-------- EXTRACTED INFORMATION --------
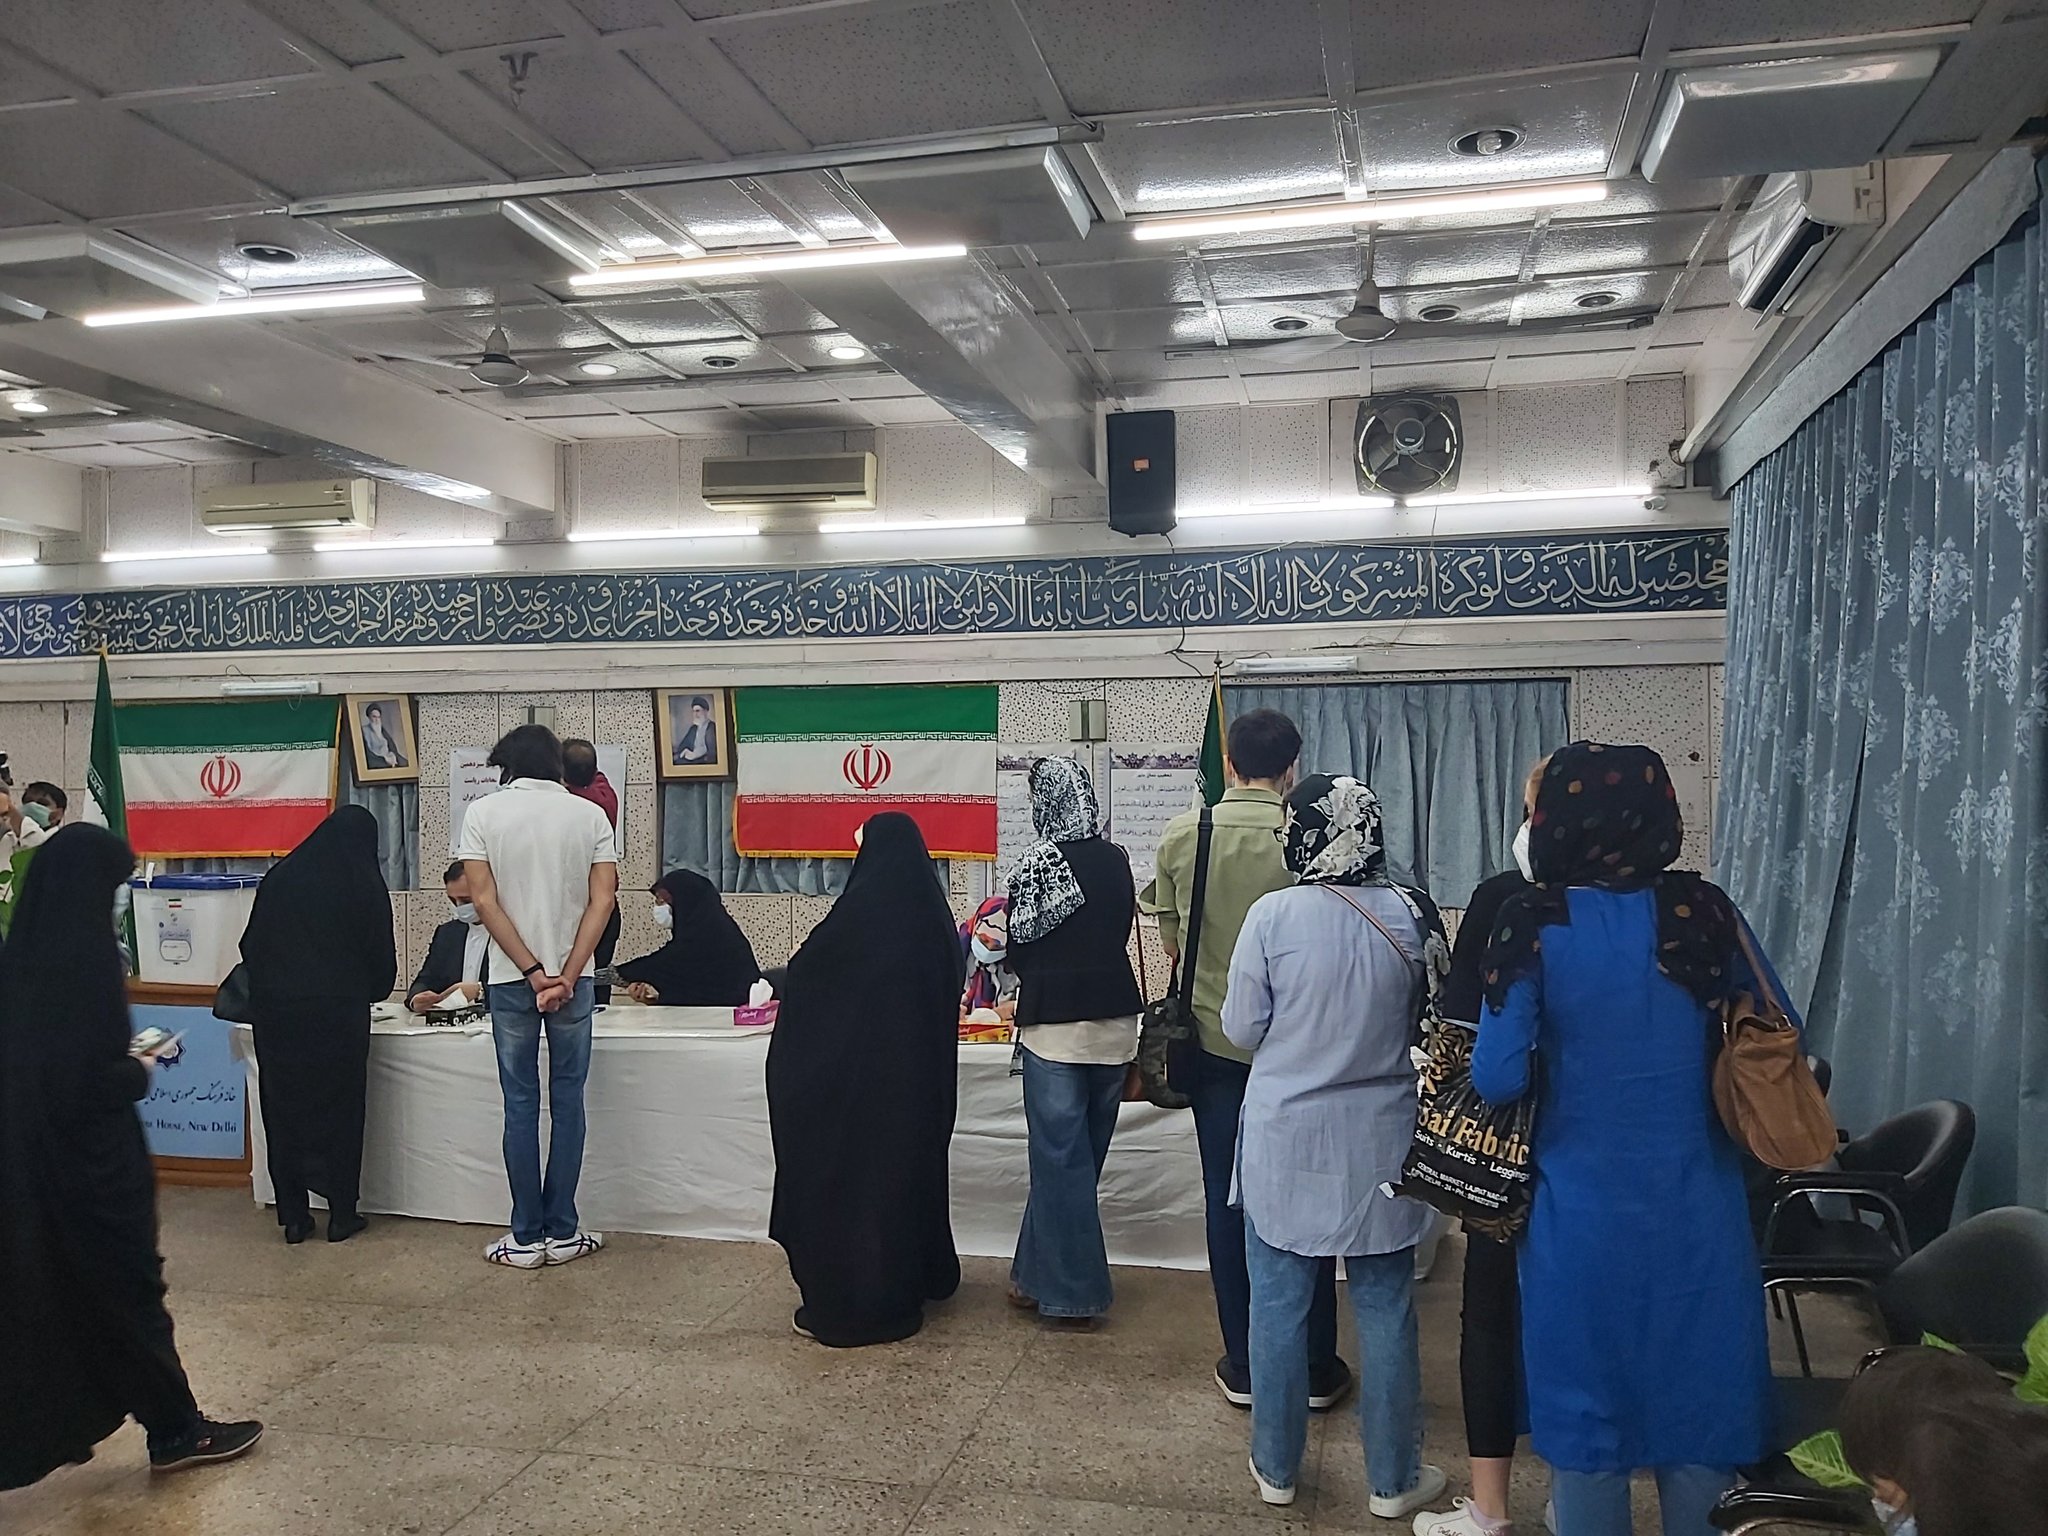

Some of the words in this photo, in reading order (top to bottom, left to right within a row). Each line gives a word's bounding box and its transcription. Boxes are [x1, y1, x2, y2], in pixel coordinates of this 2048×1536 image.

[171, 1086, 197, 1105] جمهوری
[1414, 1129, 1436, 1147] Suits
[1445, 1144, 1478, 1165] Kurtis
[1489, 1161, 1532, 1183] Leggings
[1452, 1115, 1530, 1166] Fabric
--------
EXERCISE GOAL: Output a faithful copy of the data, with each picture left out.

RESPONSE TO THIS EXERCISE:
Some of the words in this photo, in reading order (top to bottom, left to right within a row). Each line gives a word's bounding box and its transcription. Boxes are [x1, y1, x2, y2], in pixel coordinates of this 2048×1536 image.

[171, 1086, 197, 1105] جمهوری
[1414, 1129, 1436, 1147] Suits
[1445, 1144, 1478, 1165] Kurtis
[1489, 1161, 1532, 1183] Leggings
[1452, 1115, 1530, 1166] Fabric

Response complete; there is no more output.